In your copy, leave out the pictures and repeat every record exactly.

Saved data entries
>>>>>

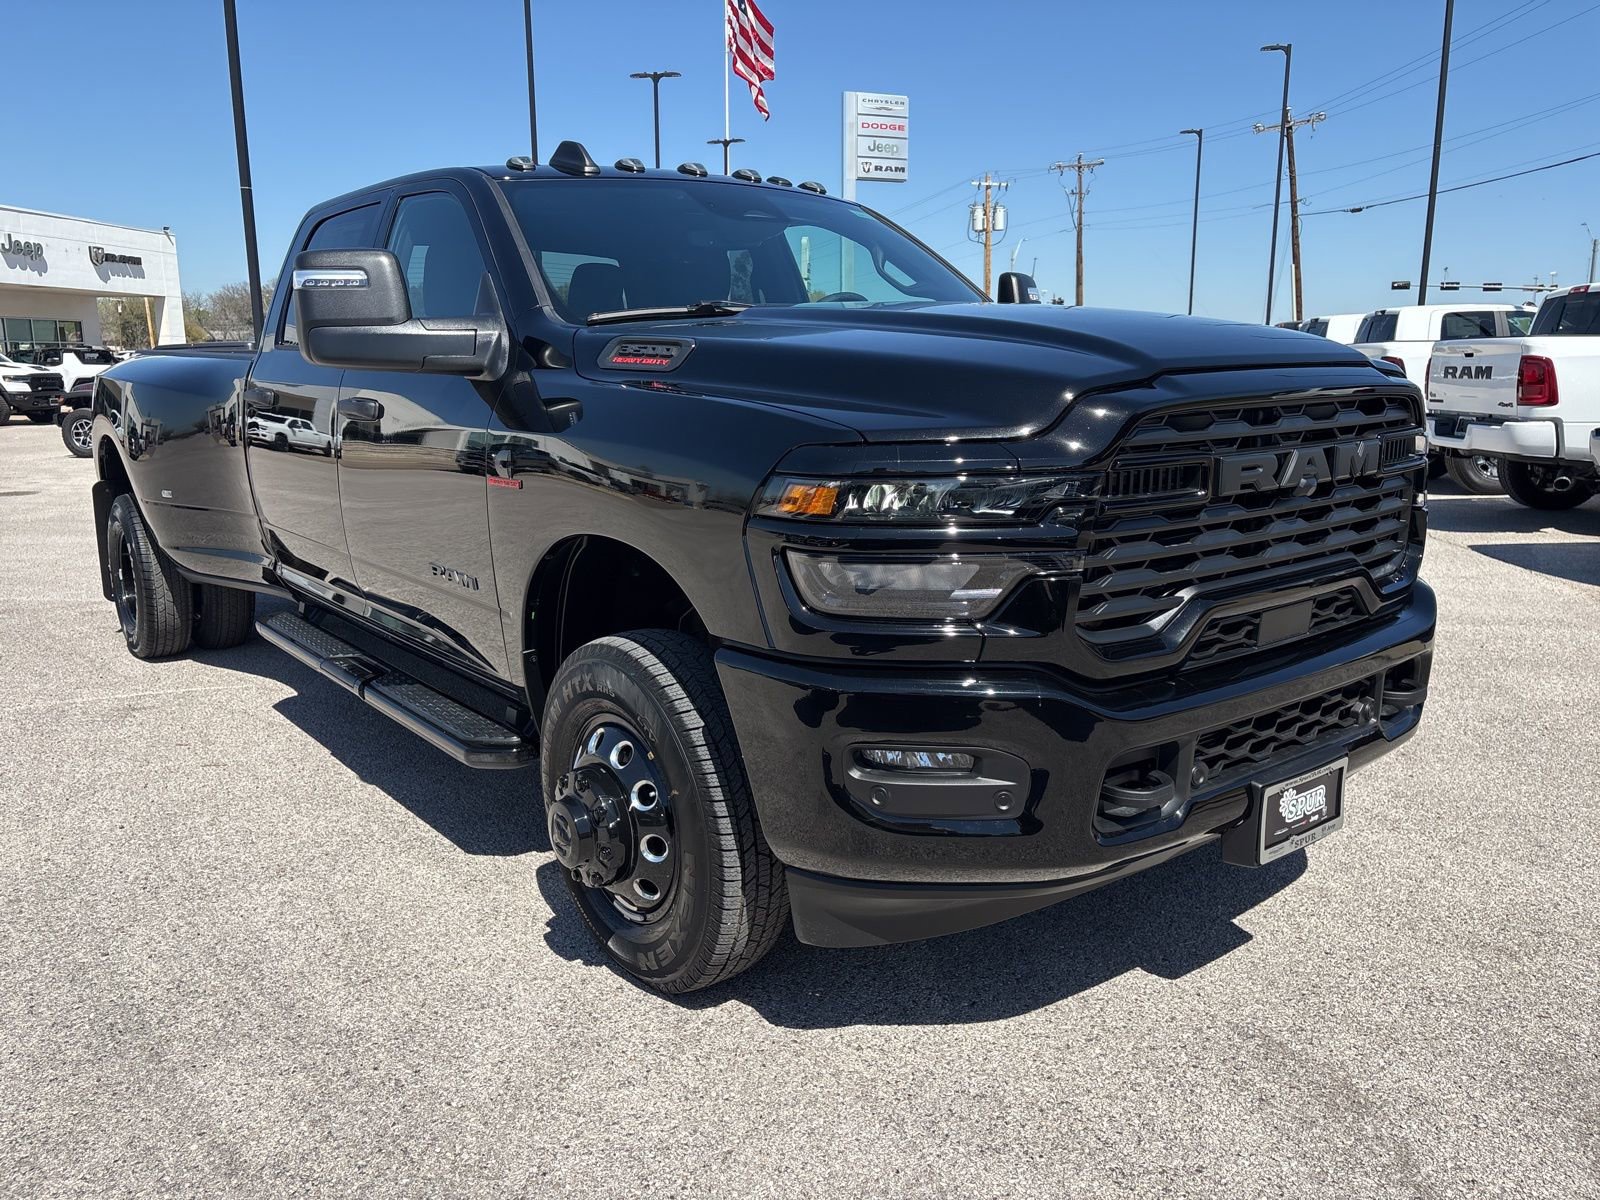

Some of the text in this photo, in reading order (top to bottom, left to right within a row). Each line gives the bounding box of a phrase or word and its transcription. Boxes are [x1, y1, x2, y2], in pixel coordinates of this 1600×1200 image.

[862, 122, 905, 131] DODGE
[868, 140, 899, 155] Jeep
[874, 165, 906, 173] RAM
[1, 233, 43, 260] Jeep
[612, 356, 670, 366] HEAVY DUTY
[1443, 366, 1493, 379] RAM
[1219, 440, 1380, 497] RAM
[430, 561, 480, 591] RAM
[562, 672, 594, 704] HTX
[1286, 786, 1325, 822] SPUR
[1294, 833, 1316, 849] SPUR
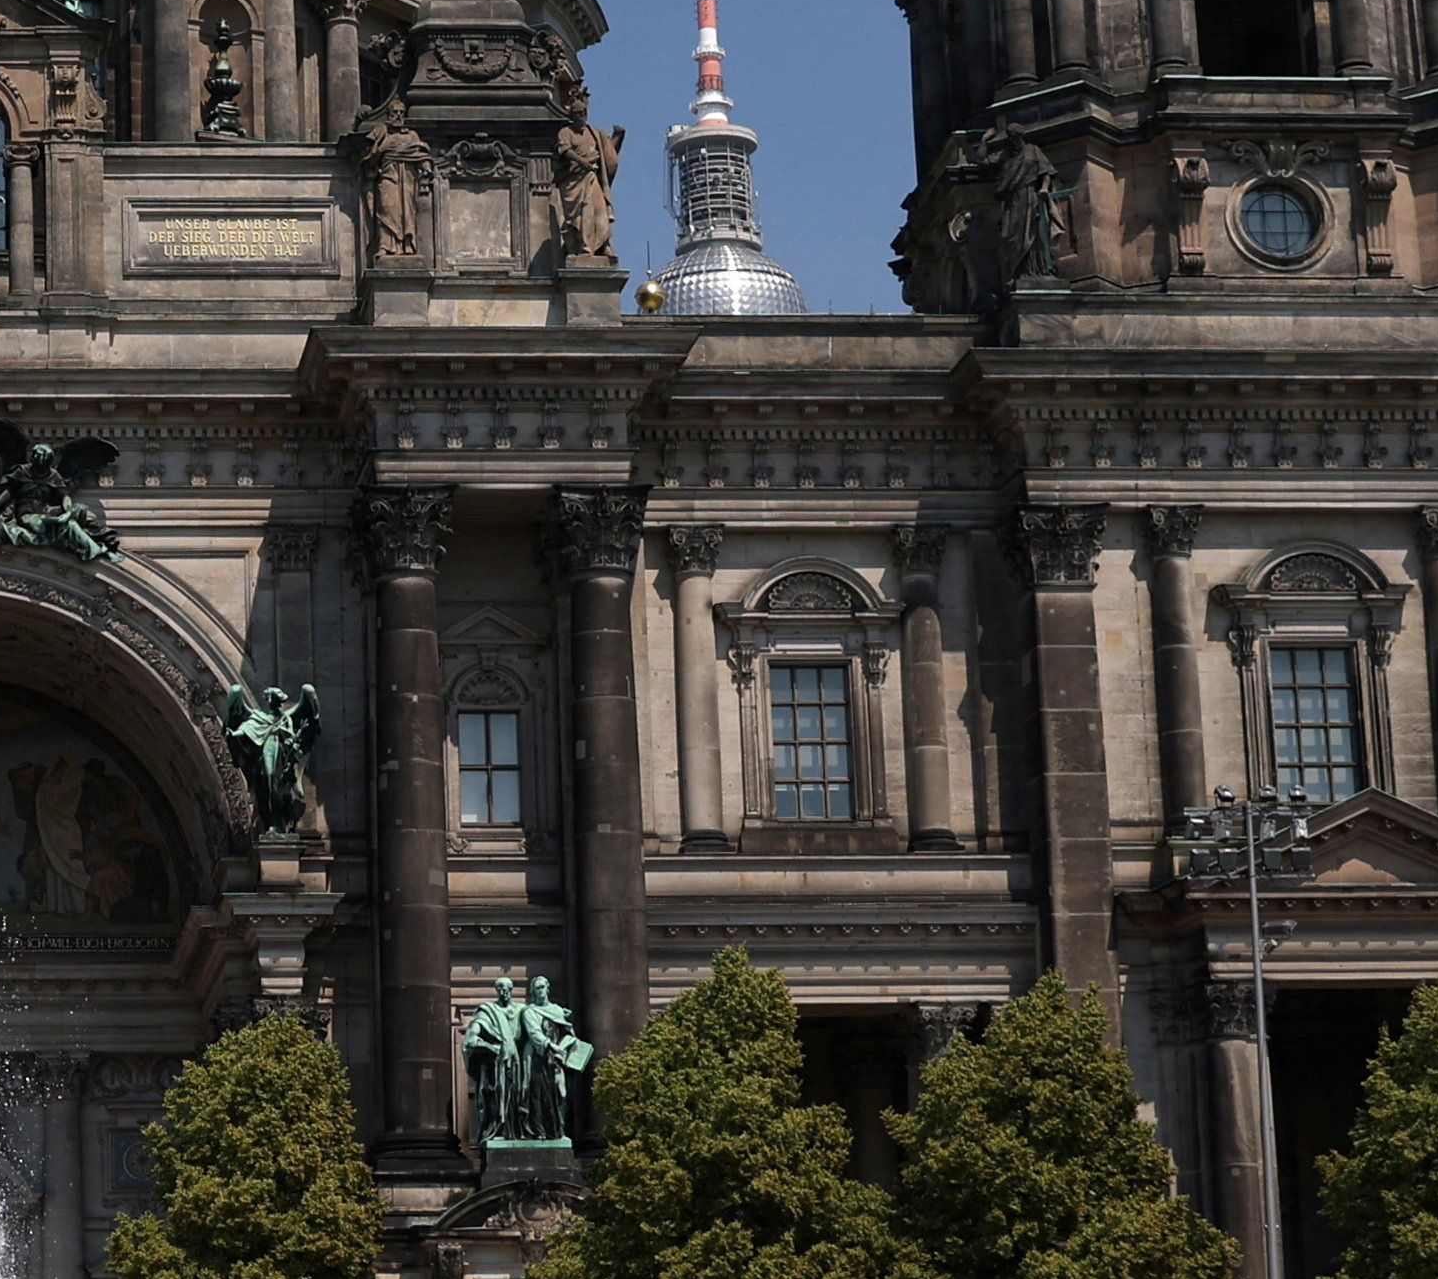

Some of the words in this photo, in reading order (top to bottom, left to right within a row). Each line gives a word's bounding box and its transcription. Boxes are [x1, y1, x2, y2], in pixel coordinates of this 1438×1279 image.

<<<<<

- **Reply**:
Some of the text in this photo, in reading order (top to bottom, left to right within a row). Each line gives the bounding box of a phrase or word and its transcription. Boxes are [x1, y1, x2, y2], in pixel coordinates of this 1600×1200 image.

[862, 122, 905, 131] DODGE
[868, 140, 899, 155] Jeep
[874, 165, 906, 173] RAM
[1, 233, 43, 260] Jeep
[612, 356, 670, 366] HEAVY DUTY
[1443, 366, 1493, 379] RAM
[1219, 440, 1380, 497] RAM
[430, 561, 480, 591] RAM
[562, 672, 594, 704] HTX
[1286, 786, 1325, 822] SPUR
[1294, 833, 1316, 849] SPUR

Some of the words in this photo, in reading order (top to bottom, left to right within a row). Each line gives a word's bounding box and its transcription. Boxes are [x1, y1, x2, y2], in pixel coordinates of this 1438×1279 image.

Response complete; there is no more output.